Riformare la Regione. E anche i suoi burocrati

Si riparla di riforma della pubblica amministrazione. Lo fa il governo Renzi che ha appena approvato lo schema di decreto legislativo sulla materia che dovrà diventare legge e ne parla la giunta regionale che pone la riforma della burocrazia della Regione come uno dei punti fondamentali della sua attività di governo.

Nelle riforme della burocrazia i soggetti protagonisti sono tre: la parte politica, ovvero il governo e l’organo legislativo che dettano le regole, l’apparato burocratico chiamato ad attuarle ed i cittadini che sono i potenziali beneficiari delle riforme.

In tali processi di riforma la burocrazia può essere soggetto attivo sia nella fase propositiva che attuativa. Ma può essere anche l’elemento che tali riforme non solo osteggia ma addirittura vanifica, ponendosi come vero e proprio soggetto da controriforma. La storia dell’amministrazione pubblica in Italia e’ costellata di non pochi di tali comportamenti, non certo esemplari, del nostro apparato pubblico.

Il discorso non cambia per la nostra Regione. Voglio portare alcuni esempi di trentadue, ventotto e ventiquattro anni fa (un’altra vita burocratica, si potrebbe dire) da me vissuti come protagonista, in cui la burocrazia fu, da un lato, autonomamente propositiva e portatrice essa stessa di idee innovative in termini organizzativi e di buone pratiche, mentre, dall’altro, si mostrò strenuamente conservatrice dello status quo e pronta ad affossare anche le più moderne riforme.

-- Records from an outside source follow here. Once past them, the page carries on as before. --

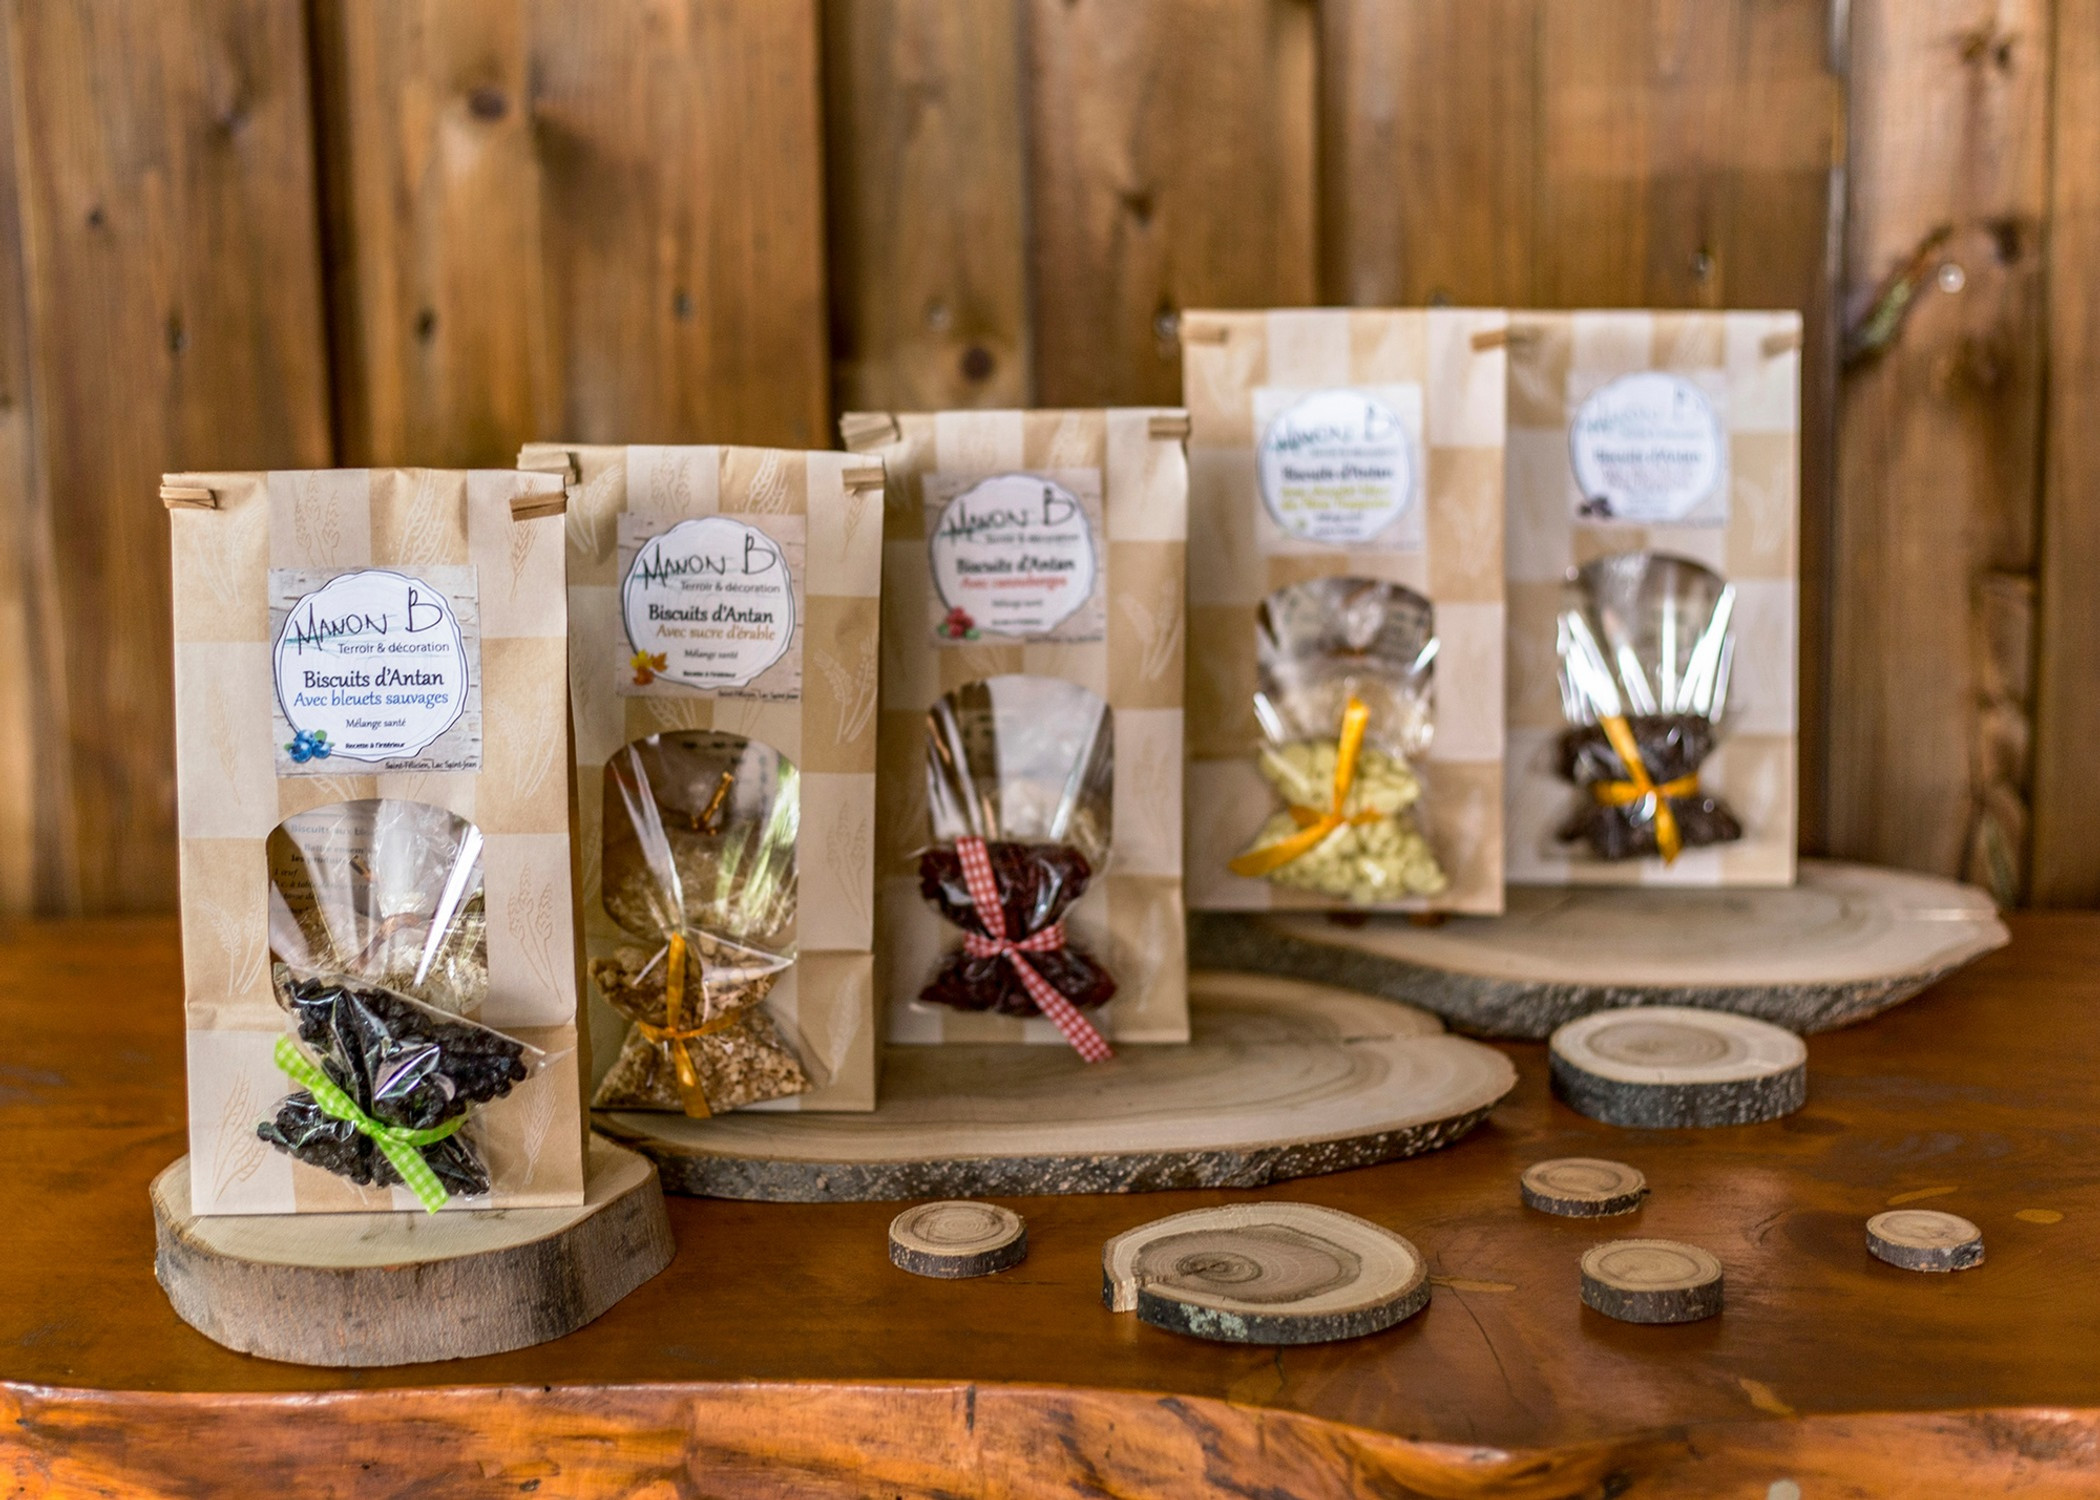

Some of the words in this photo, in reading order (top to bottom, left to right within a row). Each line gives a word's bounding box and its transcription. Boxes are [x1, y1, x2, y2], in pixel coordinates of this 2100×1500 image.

[1043, 487, 1076, 526] B
[643, 543, 726, 591] MANON
[741, 533, 777, 575] B
[957, 558, 1012, 574] Biscuits
[1017, 556, 1075, 572] d'Antan
[681, 580, 713, 592] Terroir
[715, 581, 724, 592] &
[726, 581, 781, 593] décoration
[294, 602, 388, 656] MANON
[405, 586, 443, 633] B
[649, 604, 708, 622] Biscuits
[712, 604, 774, 624] d'Antan
[656, 624, 687, 639] Avec
[690, 627, 723, 640] sucre
[726, 626, 775, 641] d'érable
[337, 643, 375, 654] Terroir
[377, 643, 387, 653] &
[388, 641, 450, 654] décoration
[303, 670, 370, 689] Biscuits
[375, 666, 444, 686] d'Antan
[293, 692, 328, 707] Avec
[331, 690, 382, 706] bleuets
[386, 693, 449, 709] sauvages
[346, 719, 383, 731] Mélange
[384, 719, 406, 728] santé
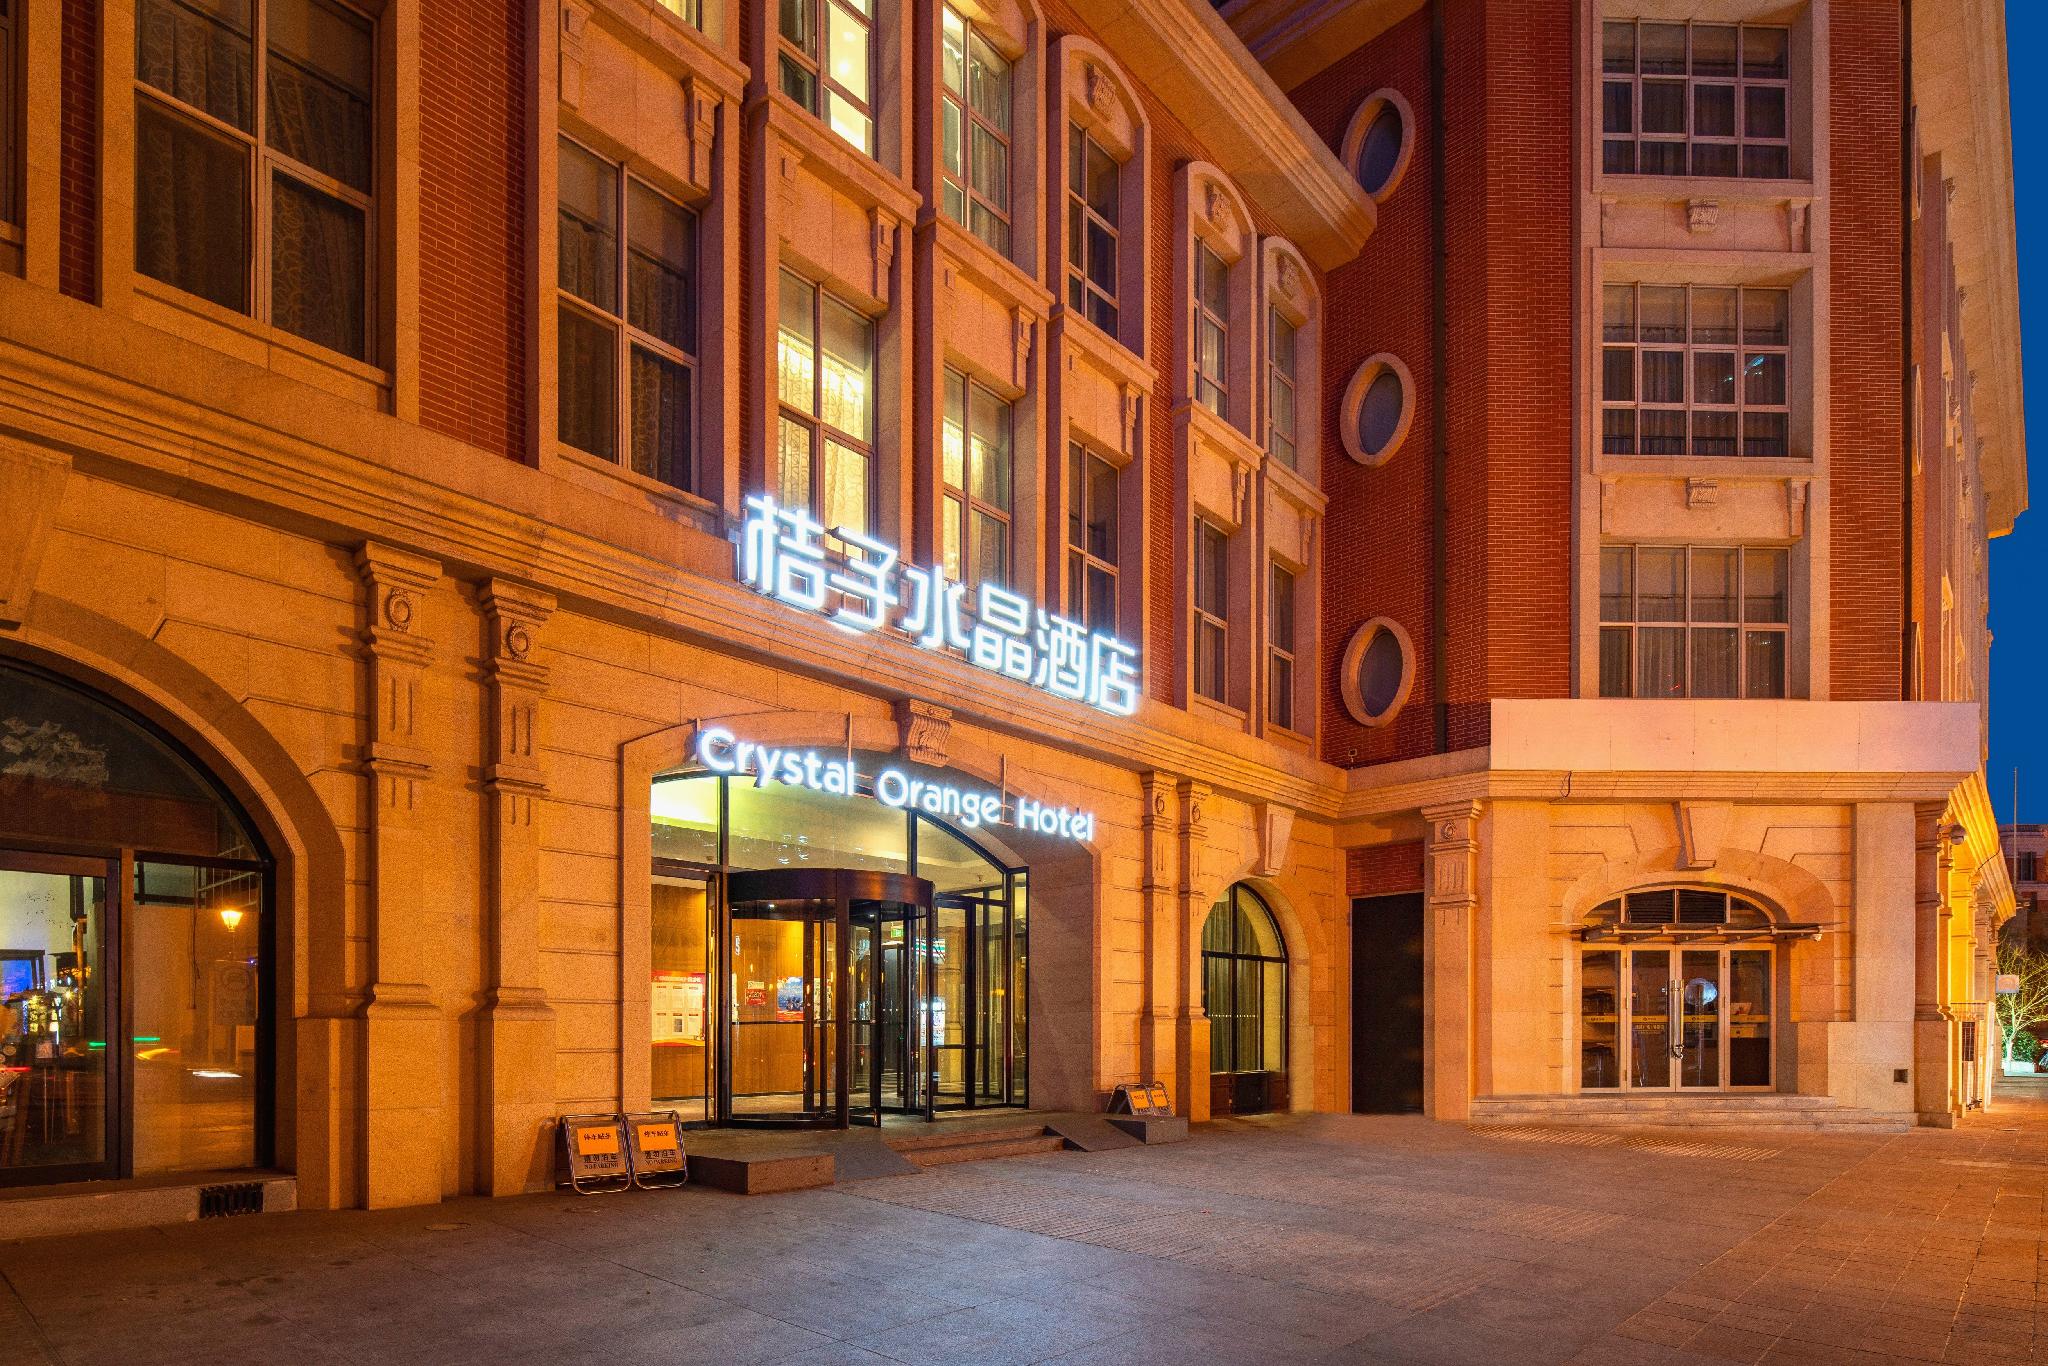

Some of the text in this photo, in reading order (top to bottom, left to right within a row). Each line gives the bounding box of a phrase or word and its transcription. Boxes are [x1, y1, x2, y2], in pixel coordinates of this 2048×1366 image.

[743, 494, 1142, 717] 桔子水晶酒店
[700, 727, 1094, 842] Crystal Orange Hotel
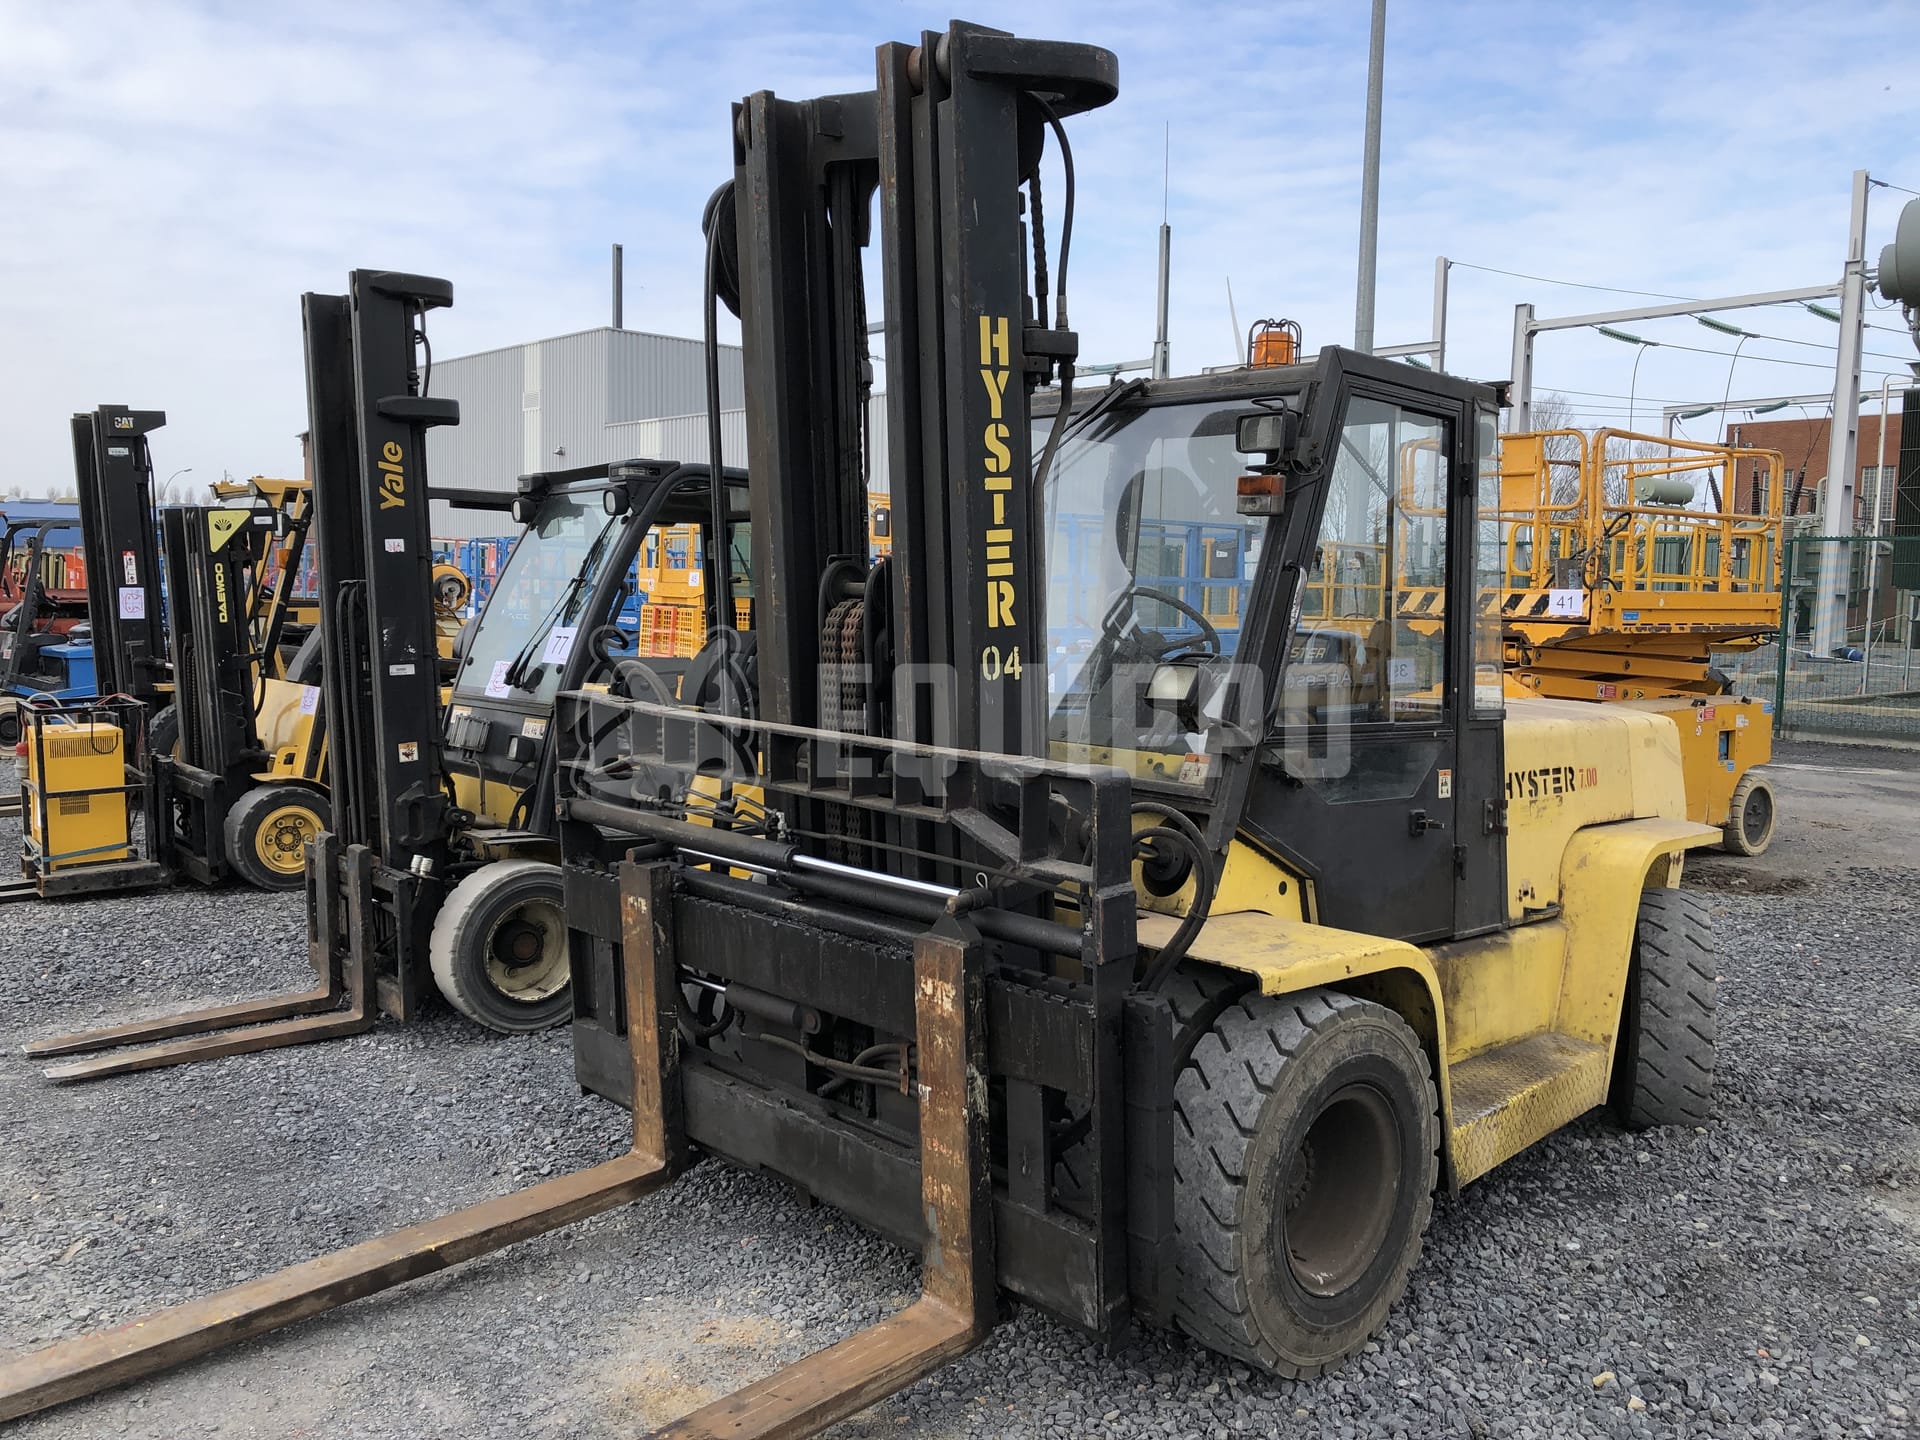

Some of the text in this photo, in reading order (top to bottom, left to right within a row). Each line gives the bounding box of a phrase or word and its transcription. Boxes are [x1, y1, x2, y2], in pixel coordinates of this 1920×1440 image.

Nel 1982 la Regione concesse i “buoni casa” per l’acquisto, la costruzione ed il recupero della prima casa utilizzando per la prima volta, per la formulazione delle graduatorie regionali, le procedure informatiche.Erano pochissimi, in quel momento, i terminali, collegati al computer centrale della Regione, a disposizione degli uffici regionali ed i funzionari del servizio dell’edilizia abitativa dovettero fare la spola con l’assessorato al Lavoro, che aveva qualche “terminale” a disposizione, portandosi appresso centinaia di faldoni per l’informatizzazione delle pratiche istruite.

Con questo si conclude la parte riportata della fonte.